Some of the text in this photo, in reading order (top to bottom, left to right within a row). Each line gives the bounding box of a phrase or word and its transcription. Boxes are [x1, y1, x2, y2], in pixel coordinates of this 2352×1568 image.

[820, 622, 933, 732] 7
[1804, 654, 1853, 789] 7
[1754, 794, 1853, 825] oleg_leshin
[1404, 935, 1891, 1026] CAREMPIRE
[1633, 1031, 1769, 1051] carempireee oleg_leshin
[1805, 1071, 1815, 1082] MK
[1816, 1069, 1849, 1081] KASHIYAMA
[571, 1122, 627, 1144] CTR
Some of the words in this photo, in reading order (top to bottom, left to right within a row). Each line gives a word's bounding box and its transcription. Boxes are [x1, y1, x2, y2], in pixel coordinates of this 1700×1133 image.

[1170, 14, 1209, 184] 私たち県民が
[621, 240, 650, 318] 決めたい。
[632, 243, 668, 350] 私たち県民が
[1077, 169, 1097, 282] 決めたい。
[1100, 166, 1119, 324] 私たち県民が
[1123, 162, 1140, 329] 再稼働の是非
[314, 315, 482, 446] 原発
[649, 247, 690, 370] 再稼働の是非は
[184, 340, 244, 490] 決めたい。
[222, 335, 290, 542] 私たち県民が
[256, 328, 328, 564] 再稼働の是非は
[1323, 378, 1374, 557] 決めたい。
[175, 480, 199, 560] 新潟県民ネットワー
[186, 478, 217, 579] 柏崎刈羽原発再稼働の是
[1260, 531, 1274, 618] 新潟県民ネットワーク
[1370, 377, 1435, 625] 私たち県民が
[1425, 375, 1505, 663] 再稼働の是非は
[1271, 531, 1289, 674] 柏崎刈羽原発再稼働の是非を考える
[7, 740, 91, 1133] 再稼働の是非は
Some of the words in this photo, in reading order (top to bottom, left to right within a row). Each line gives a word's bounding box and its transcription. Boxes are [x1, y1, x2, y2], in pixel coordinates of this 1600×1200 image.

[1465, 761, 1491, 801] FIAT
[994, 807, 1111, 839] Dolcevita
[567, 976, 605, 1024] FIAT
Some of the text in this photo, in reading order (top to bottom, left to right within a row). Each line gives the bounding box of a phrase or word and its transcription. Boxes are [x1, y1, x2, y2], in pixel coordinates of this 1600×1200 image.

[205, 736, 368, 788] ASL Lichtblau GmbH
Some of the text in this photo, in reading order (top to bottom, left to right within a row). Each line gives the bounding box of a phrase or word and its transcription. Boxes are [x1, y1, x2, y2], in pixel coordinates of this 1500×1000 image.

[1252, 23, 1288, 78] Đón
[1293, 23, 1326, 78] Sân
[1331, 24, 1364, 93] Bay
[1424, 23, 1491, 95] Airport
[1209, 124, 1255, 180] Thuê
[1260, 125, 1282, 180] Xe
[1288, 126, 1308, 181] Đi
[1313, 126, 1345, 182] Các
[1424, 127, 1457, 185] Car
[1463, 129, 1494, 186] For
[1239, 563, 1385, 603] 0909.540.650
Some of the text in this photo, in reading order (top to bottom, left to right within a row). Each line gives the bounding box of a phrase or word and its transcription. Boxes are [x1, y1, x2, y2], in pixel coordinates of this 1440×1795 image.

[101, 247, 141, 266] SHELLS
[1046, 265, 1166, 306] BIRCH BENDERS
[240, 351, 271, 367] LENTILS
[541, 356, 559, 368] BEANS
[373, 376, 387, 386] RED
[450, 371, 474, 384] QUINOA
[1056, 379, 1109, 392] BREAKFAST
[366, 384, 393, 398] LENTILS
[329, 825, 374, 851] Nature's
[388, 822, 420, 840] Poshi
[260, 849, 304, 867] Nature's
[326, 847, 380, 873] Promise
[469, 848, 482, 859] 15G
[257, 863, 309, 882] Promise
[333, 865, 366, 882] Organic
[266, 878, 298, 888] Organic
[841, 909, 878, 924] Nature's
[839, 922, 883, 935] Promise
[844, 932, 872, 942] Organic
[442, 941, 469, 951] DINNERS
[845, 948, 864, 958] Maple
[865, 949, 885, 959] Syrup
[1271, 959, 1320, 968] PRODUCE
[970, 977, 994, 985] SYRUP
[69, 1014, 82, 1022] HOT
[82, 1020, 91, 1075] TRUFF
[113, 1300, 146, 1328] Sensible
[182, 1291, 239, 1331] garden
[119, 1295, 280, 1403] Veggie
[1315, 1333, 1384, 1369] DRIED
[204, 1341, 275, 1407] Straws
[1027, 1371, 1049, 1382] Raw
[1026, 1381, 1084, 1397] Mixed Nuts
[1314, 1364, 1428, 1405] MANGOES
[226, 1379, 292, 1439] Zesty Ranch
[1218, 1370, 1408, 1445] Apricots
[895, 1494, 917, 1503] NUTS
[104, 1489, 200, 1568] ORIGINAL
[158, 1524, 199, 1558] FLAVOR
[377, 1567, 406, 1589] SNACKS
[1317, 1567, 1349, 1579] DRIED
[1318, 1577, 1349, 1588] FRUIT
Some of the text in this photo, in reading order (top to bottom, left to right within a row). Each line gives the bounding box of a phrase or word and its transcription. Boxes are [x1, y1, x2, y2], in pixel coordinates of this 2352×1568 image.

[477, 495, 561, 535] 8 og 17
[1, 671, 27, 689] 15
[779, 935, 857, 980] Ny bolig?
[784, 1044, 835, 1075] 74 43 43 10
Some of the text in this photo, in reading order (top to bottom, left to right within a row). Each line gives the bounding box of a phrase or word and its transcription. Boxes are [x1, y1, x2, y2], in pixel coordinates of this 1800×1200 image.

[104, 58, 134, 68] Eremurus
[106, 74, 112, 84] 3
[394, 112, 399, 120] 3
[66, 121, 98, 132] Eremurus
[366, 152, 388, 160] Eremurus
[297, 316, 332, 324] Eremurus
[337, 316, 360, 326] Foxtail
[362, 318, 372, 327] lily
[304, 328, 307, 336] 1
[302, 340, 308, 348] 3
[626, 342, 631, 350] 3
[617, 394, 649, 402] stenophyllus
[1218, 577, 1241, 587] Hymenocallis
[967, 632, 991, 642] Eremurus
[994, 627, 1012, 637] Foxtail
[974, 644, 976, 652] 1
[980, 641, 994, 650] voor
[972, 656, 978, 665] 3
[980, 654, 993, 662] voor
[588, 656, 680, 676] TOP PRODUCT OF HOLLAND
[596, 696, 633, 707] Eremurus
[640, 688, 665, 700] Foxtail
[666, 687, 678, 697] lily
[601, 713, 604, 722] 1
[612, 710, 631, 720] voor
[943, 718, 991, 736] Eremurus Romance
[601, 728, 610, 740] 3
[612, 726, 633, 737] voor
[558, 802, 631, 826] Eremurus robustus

-*-*-

What you will do — Reproduce the material exactly, from the first line to the last.

Answer for the task —
Some of the text in this photo, in reading order (top to bottom, left to right within a row). Each line gives the bounding box of a phrase or word and its transcription. Boxes are [x1, y1, x2, y2], in pixel coordinates of this 2352×1568 image.

[820, 622, 933, 732] 7
[1804, 654, 1853, 789] 7
[1754, 794, 1853, 825] oleg_leshin
[1404, 935, 1891, 1026] CAREMPIRE
[1633, 1031, 1769, 1051] carempireee oleg_leshin
[1805, 1071, 1815, 1082] MK
[1816, 1069, 1849, 1081] KASHIYAMA
[571, 1122, 627, 1144] CTR
Some of the words in this photo, in reading order (top to bottom, left to right within a row). Each line gives a word's bounding box and its transcription. Boxes are [x1, y1, x2, y2], in pixel coordinates of this 1700×1133 image.

[1170, 14, 1209, 184] 私たち県民が
[621, 240, 650, 318] 決めたい。
[632, 243, 668, 350] 私たち県民が
[1077, 169, 1097, 282] 決めたい。
[1100, 166, 1119, 324] 私たち県民が
[1123, 162, 1140, 329] 再稼働の是非
[314, 315, 482, 446] 原発
[649, 247, 690, 370] 再稼働の是非は
[184, 340, 244, 490] 決めたい。
[222, 335, 290, 542] 私たち県民が
[256, 328, 328, 564] 再稼働の是非は
[1323, 378, 1374, 557] 決めたい。
[175, 480, 199, 560] 新潟県民ネットワー
[186, 478, 217, 579] 柏崎刈羽原発再稼働の是
[1260, 531, 1274, 618] 新潟県民ネットワーク
[1370, 377, 1435, 625] 私たち県民が
[1425, 375, 1505, 663] 再稼働の是非は
[1271, 531, 1289, 674] 柏崎刈羽原発再稼働の是非を考える
[7, 740, 91, 1133] 再稼働の是非は
Some of the words in this photo, in reading order (top to bottom, left to right within a row). Each line gives a word's bounding box and its transcription. Boxes are [x1, y1, x2, y2], in pixel coordinates of this 1600×1200 image.

[1465, 761, 1491, 801] FIAT
[994, 807, 1111, 839] Dolcevita
[567, 976, 605, 1024] FIAT
Some of the text in this photo, in reading order (top to bottom, left to right within a row). Each line gives the bounding box of a phrase or word and its transcription. Boxes are [x1, y1, x2, y2], in pixel coordinates of this 1600×1200 image.

[205, 736, 368, 788] ASL Lichtblau GmbH
Some of the text in this photo, in reading order (top to bottom, left to right within a row). Each line gives the bounding box of a phrase or word and its transcription. Boxes are [x1, y1, x2, y2], in pixel coordinates of this 1500×1000 image.

[1252, 23, 1288, 78] Đón
[1293, 23, 1326, 78] Sân
[1331, 24, 1364, 93] Bay
[1424, 23, 1491, 95] Airport
[1209, 124, 1255, 180] Thuê
[1260, 125, 1282, 180] Xe
[1288, 126, 1308, 181] Đi
[1313, 126, 1345, 182] Các
[1424, 127, 1457, 185] Car
[1463, 129, 1494, 186] For
[1239, 563, 1385, 603] 0909.540.650
Some of the text in this photo, in reading order (top to bottom, left to right within a row). Each line gives the bounding box of a phrase or word and its transcription. Boxes are [x1, y1, x2, y2], in pixel coordinates of this 1440×1795 image.

[101, 247, 141, 266] SHELLS
[1046, 265, 1166, 306] BIRCH BENDERS
[240, 351, 271, 367] LENTILS
[541, 356, 559, 368] BEANS
[373, 376, 387, 386] RED
[450, 371, 474, 384] QUINOA
[1056, 379, 1109, 392] BREAKFAST
[366, 384, 393, 398] LENTILS
[329, 825, 374, 851] Nature's
[388, 822, 420, 840] Poshi
[260, 849, 304, 867] Nature's
[326, 847, 380, 873] Promise
[469, 848, 482, 859] 15G
[257, 863, 309, 882] Promise
[333, 865, 366, 882] Organic
[266, 878, 298, 888] Organic
[841, 909, 878, 924] Nature's
[839, 922, 883, 935] Promise
[844, 932, 872, 942] Organic
[442, 941, 469, 951] DINNERS
[845, 948, 864, 958] Maple
[865, 949, 885, 959] Syrup
[1271, 959, 1320, 968] PRODUCE
[970, 977, 994, 985] SYRUP
[69, 1014, 82, 1022] HOT
[82, 1020, 91, 1075] TRUFF
[113, 1300, 146, 1328] Sensible
[182, 1291, 239, 1331] garden
[119, 1295, 280, 1403] Veggie
[1315, 1333, 1384, 1369] DRIED
[204, 1341, 275, 1407] Straws
[1027, 1371, 1049, 1382] Raw
[1026, 1381, 1084, 1397] Mixed Nuts
[1314, 1364, 1428, 1405] MANGOES
[226, 1379, 292, 1439] Zesty Ranch
[1218, 1370, 1408, 1445] Apricots
[895, 1494, 917, 1503] NUTS
[104, 1489, 200, 1568] ORIGINAL
[158, 1524, 199, 1558] FLAVOR
[377, 1567, 406, 1589] SNACKS
[1317, 1567, 1349, 1579] DRIED
[1318, 1577, 1349, 1588] FRUIT
Some of the text in this photo, in reading order (top to bottom, left to right within a row). Each line gives the bounding box of a phrase or word and its transcription. Boxes are [x1, y1, x2, y2], in pixel coordinates of this 2352×1568 image.

[477, 495, 561, 535] 8 og 17
[1, 671, 27, 689] 15
[779, 935, 857, 980] Ny bolig?
[784, 1044, 835, 1075] 74 43 43 10
Some of the text in this photo, in reading order (top to bottom, left to right within a row). Each line gives the bounding box of a phrase or word and its transcription. Boxes are [x1, y1, x2, y2], in pixel coordinates of this 1800×1200 image.

[104, 58, 134, 68] Eremurus
[106, 74, 112, 84] 3
[394, 112, 399, 120] 3
[66, 121, 98, 132] Eremurus
[366, 152, 388, 160] Eremurus
[297, 316, 332, 324] Eremurus
[337, 316, 360, 326] Foxtail
[362, 318, 372, 327] lily
[304, 328, 307, 336] 1
[302, 340, 308, 348] 3
[626, 342, 631, 350] 3
[617, 394, 649, 402] stenophyllus
[1218, 577, 1241, 587] Hymenocallis
[967, 632, 991, 642] Eremurus
[994, 627, 1012, 637] Foxtail
[974, 644, 976, 652] 1
[980, 641, 994, 650] voor
[972, 656, 978, 665] 3
[980, 654, 993, 662] voor
[588, 656, 680, 676] TOP PRODUCT OF HOLLAND
[596, 696, 633, 707] Eremurus
[640, 688, 665, 700] Foxtail
[666, 687, 678, 697] lily
[601, 713, 604, 722] 1
[612, 710, 631, 720] voor
[943, 718, 991, 736] Eremurus Romance
[601, 728, 610, 740] 3
[612, 726, 633, 737] voor
[558, 802, 631, 826] Eremurus robustus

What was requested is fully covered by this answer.